In the course of utilization, damage, that is, damaged sites, can arise on various components. The components arranged in the gas channel, such as, for example, the airfoils themselves or else the inner and outer running surfaces and gas channel plates, are particularly in danger and are of relevance to safety. These components are provided multiple times with protective coatings, which, for example, are attacked or can suffer wear, such as, for instance, abrasive or thermal wear, etc., in the course of utilization. A particularly advantageous area of application lies in the examination of such a surface in the course of engine reinspection, but, in general, the subject is not to be limited to this.

SUMMARY OF THE INVENTION

The present invention is based on the technical problem of specifying an advantageous method for imaging a surface in an internal space of an axial turbomachine and an advantageous method for detecting as well as preferably also quantifying damage in the surface.
This problem is solved in accordance with the invention by the imaging method as well as by the method for detecting damage of the present invention. The imaging of the surface occurs using an imaging device, which, for example, depending on the position of the surface, can be introduced for this purpose into the gas channel axially from the front or rear (for example, front stage of a low-pressure compressor or last stage of a low-pressure turbine) or preferably via special borescope inspection ports (BSI ports). By use of the imaging device, the surface is then imaged in a sequence, whereby the imaging device captures only a portion of the surface at a respective point in time, that is, it does not capture the entire surface. Accordingly, only a partial image is generated in each instance; that is, only the respective partial region is imaged. Over the course of time, however, the imaging device and the surface are moved relative to each other; that is, they are brought into different relative positions, in which different partial regions of the surface are captured, thereby forming partial images, that is, different partial regions. The partial images captured in this way are stitched together to produce a larger image or total image of the surface. Therefore, the partial regions that are sequentially imaged in the course of the capture then lie in an image as adjacent or overlapping image regions.
Summarized more simply, the surface is not captured with a single image, but rather is captured over the course of time. That is, a video recording of the surface is more or less generated. The individual images thereof, that is, the partial images that each image only a partial region of the surface, are afterwards stitched together to produce a surface. In comparison to a direct evaluation of the video recording, this can enable a more objective evaluation, for example, because individual surface regions, in which damage or, in general, departures from a desired surface appearance, for example, may be present, can be classified more objectively relative to the larger surface or total surface. This also applies, in general, to a visual inspection by operating personnel, but, in particular, in the case of a further automated evaluation.

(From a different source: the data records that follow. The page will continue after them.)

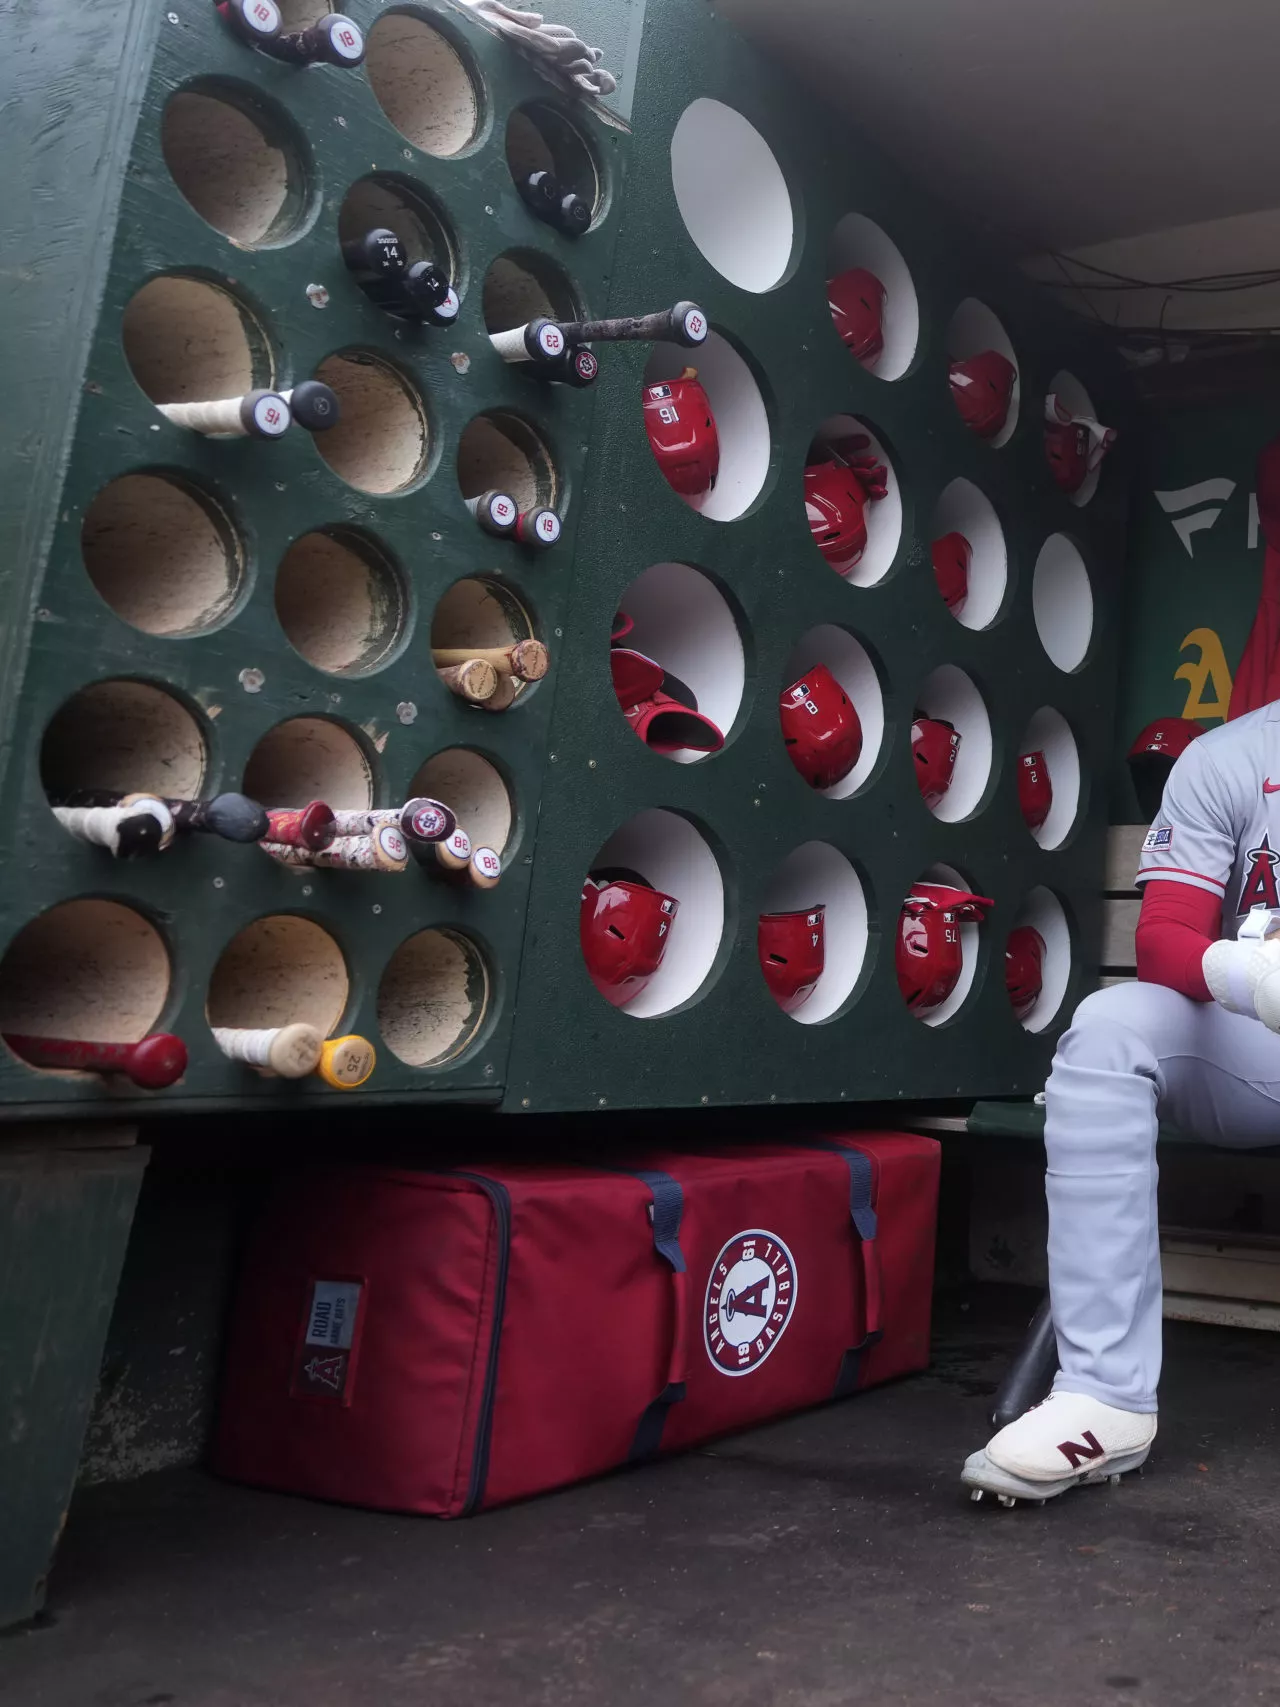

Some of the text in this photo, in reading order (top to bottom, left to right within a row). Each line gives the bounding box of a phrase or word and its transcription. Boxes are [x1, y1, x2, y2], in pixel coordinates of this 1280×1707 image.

[253, 3, 270, 22] 18
[338, 31, 355, 48] 18
[383, 246, 398, 259] 14
[689, 315, 702, 333] 23
[545, 334, 560, 349] 23
[659, 406, 680, 425] 16
[542, 518, 554, 532] 19
[804, 700, 819, 716] 8
[1154, 732, 1164, 741] 5
[1030, 770, 1038, 783] 2
[423, 813, 438, 830] 35
[811, 933, 819, 948] 4
[346, 1054, 361, 1073] 25
[742, 1240, 756, 1260] 61
[756, 1242, 791, 1354] BASEBALL
[709, 1263, 728, 1355] ANGELS
[312, 1301, 332, 1338] ROAD
[738, 1342, 750, 1365] 19
[1056, 1430, 1105, 1470] N

Preferred embodiments are found in the dependent claims and in the entire disclosure, whereby, in the description of the features, a distinction is not always made in detail between method aspects and use or device aspects; in any case, the disclosure is to be read implicitly in terms of all claim categories.
The stitching of the partial images is a computer-implemented method; this method step is therefore executed in a computer-based manner. This can occur, for example, using an external computer, into which the sequence of the partial images (the “video”) is input after the capture thereof. On the other hand, it is also possible for a control unit of the imaging device and the computer-based stitching to be designed in an integrated manner; that is, for example, the partial images can be fed directly to the stitching while the image is being generated. Regardless of these details, the stitching can comprise, in particular, an adding-up of the partial images, that is, of the overlapping regions. This can occur using a commercially available software or else a freely available stitching software, such as, for example, AutoStitch (using the SIFT algorithm), or using open-source algorithms, such as, for example, Oriented FAST and rotated BRIEF (ORB), which then can also be used, for example, as a combined tool for feature tracking.

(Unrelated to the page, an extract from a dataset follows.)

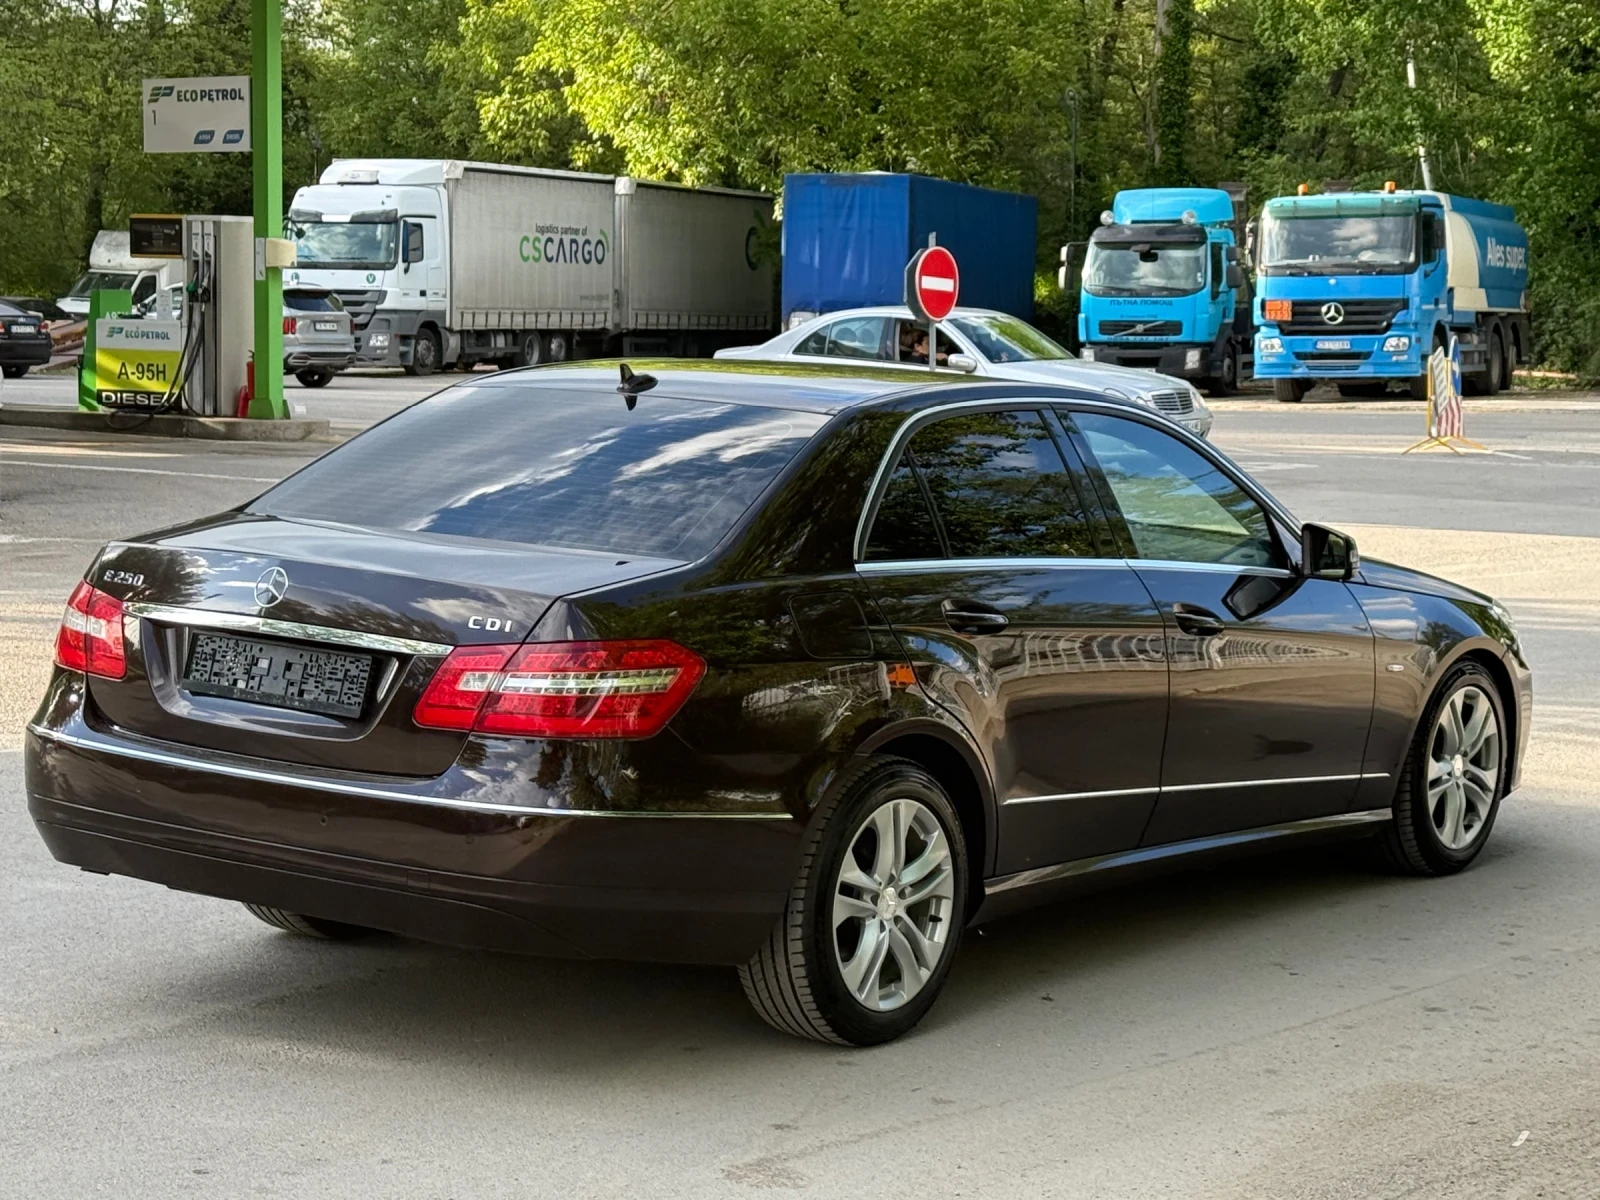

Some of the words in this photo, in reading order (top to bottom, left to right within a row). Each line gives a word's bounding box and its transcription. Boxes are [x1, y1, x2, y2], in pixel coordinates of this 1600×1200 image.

As already mentioned, use of the present method preferentially images a surface that faces the gas channel or the imaging device is arranged in the gas channel for the imaging. As imaging device, it is possible to provide an endoscope, which, in general, can also be rigid, but is preferably flexible in design, in particular a video endoscope. In general, the surface can also lie, for example, in the combustion chamber, but it is preferably arranged in an engine stage of the turbine or, in particular, in the compressor, in particular, the high-pressure compressor. Preferably, the surface can be formed by a coating, in particular, a thermal protective coating.
The surface can preferentially be a wall surface that radially bounds the gas channel and, for example, is at least or preferably rotationally symmetrical around the longitudinal axis of the turbomachine. The latter can be advantageous, for example, in regard to the complexity or computational effort involved when the partial images are stitched together. On the other hand, especially such a (partially) surrounding surface can otherwise be captured only in a limited manner or else not at all by way of a single imaging. Particularly preferably, the surface can involve a running surface of the engine stage, along which the blades or vanes sweep during operation, in particular a rotor drum that bounds the gas channel radially inward.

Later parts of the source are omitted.